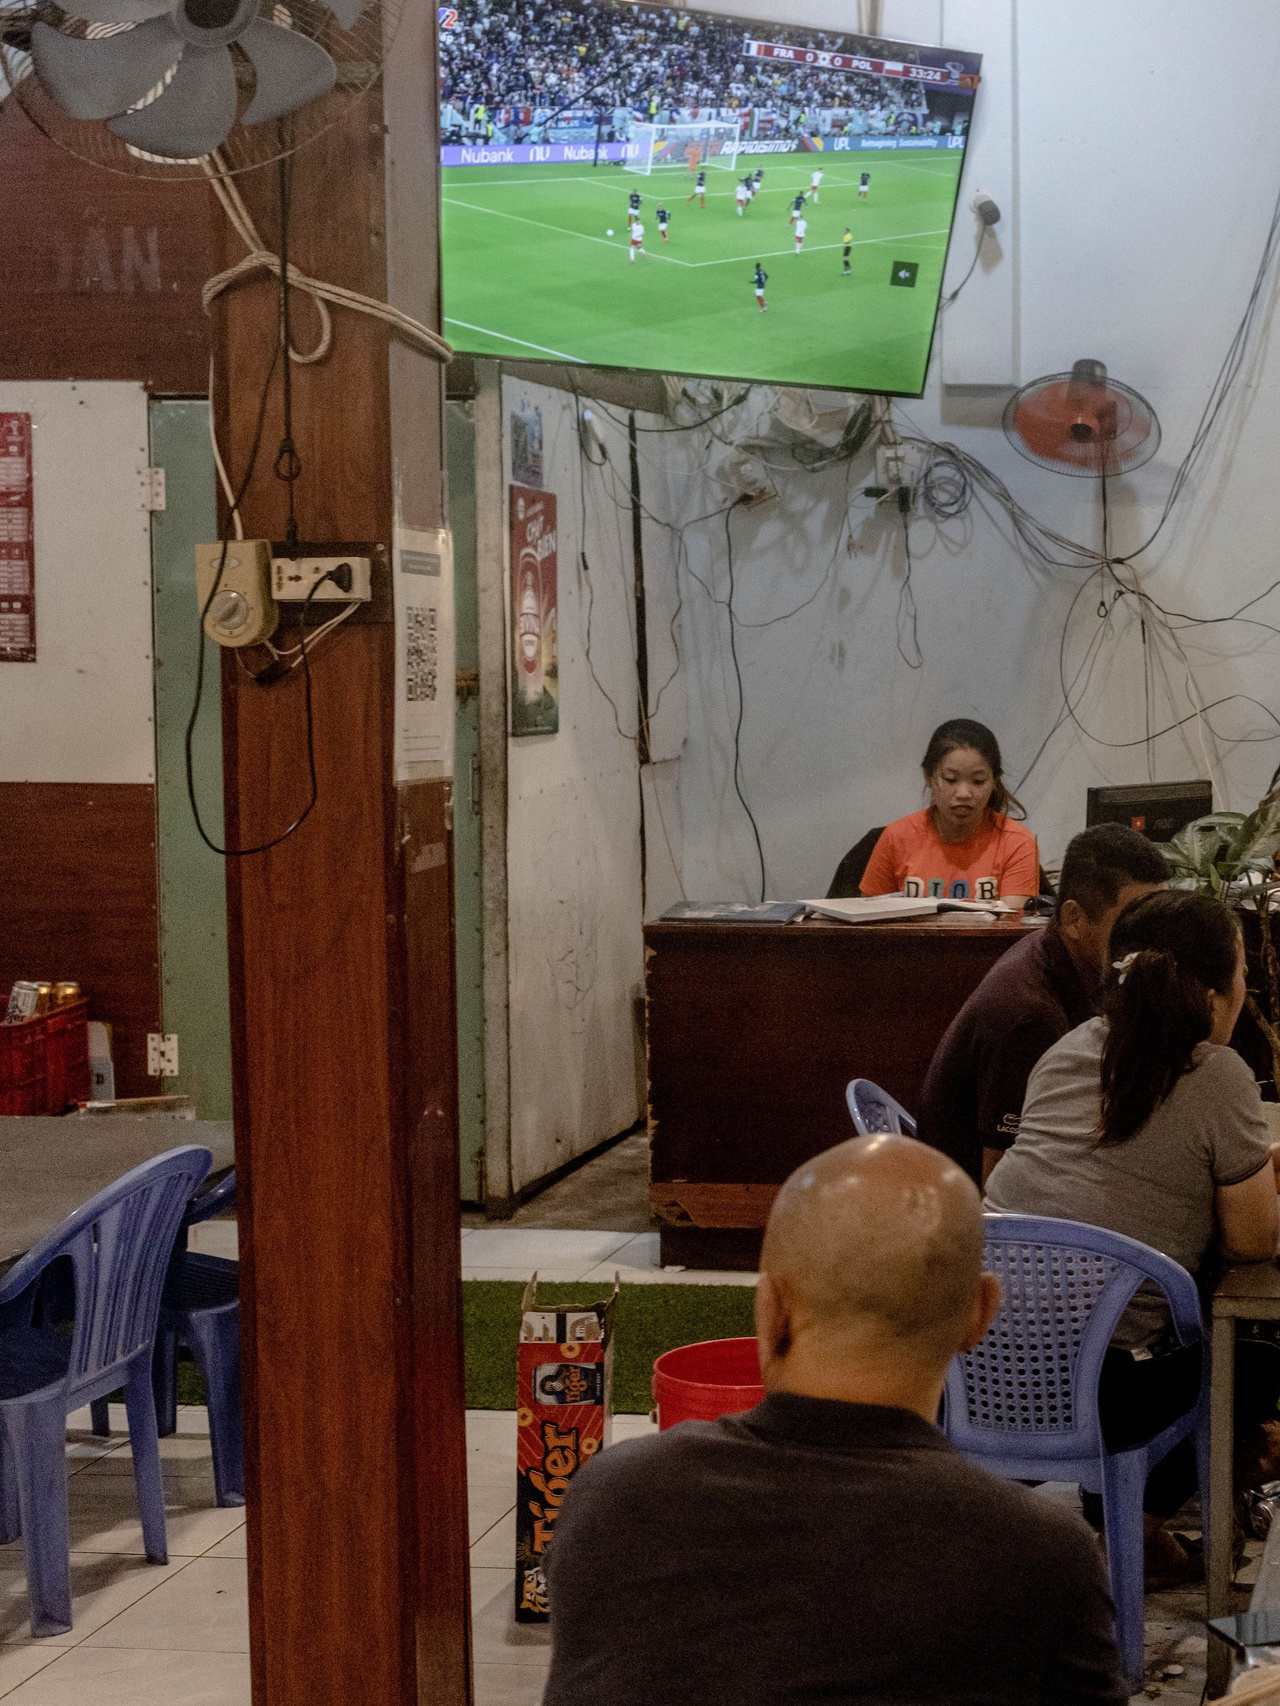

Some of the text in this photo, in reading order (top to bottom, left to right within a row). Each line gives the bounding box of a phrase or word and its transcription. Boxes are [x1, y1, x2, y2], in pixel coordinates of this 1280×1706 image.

[773, 47, 942, 81] FRA 0 0 POL 33:24
[834, 137, 851, 151] UPL
[461, 148, 514, 164] Nubank
[906, 881, 999, 900] DIOR
[565, 1366, 588, 1402] Tiger
- - - - - - -
**Task statement**
Would you please repeat the entries above verbatim, excluding each picture?

**Task response**
Some of the text in this photo, in reading order (top to bottom, left to right within a row). Each line gives the bounding box of a phrase or word and its transcription. Boxes are [x1, y1, x2, y2], in pixel coordinates of this 1280×1706 image.

[773, 47, 942, 81] FRA 0 0 POL 33:24
[834, 137, 851, 151] UPL
[461, 148, 514, 164] Nubank
[906, 881, 999, 900] DIOR
[565, 1366, 588, 1402] Tiger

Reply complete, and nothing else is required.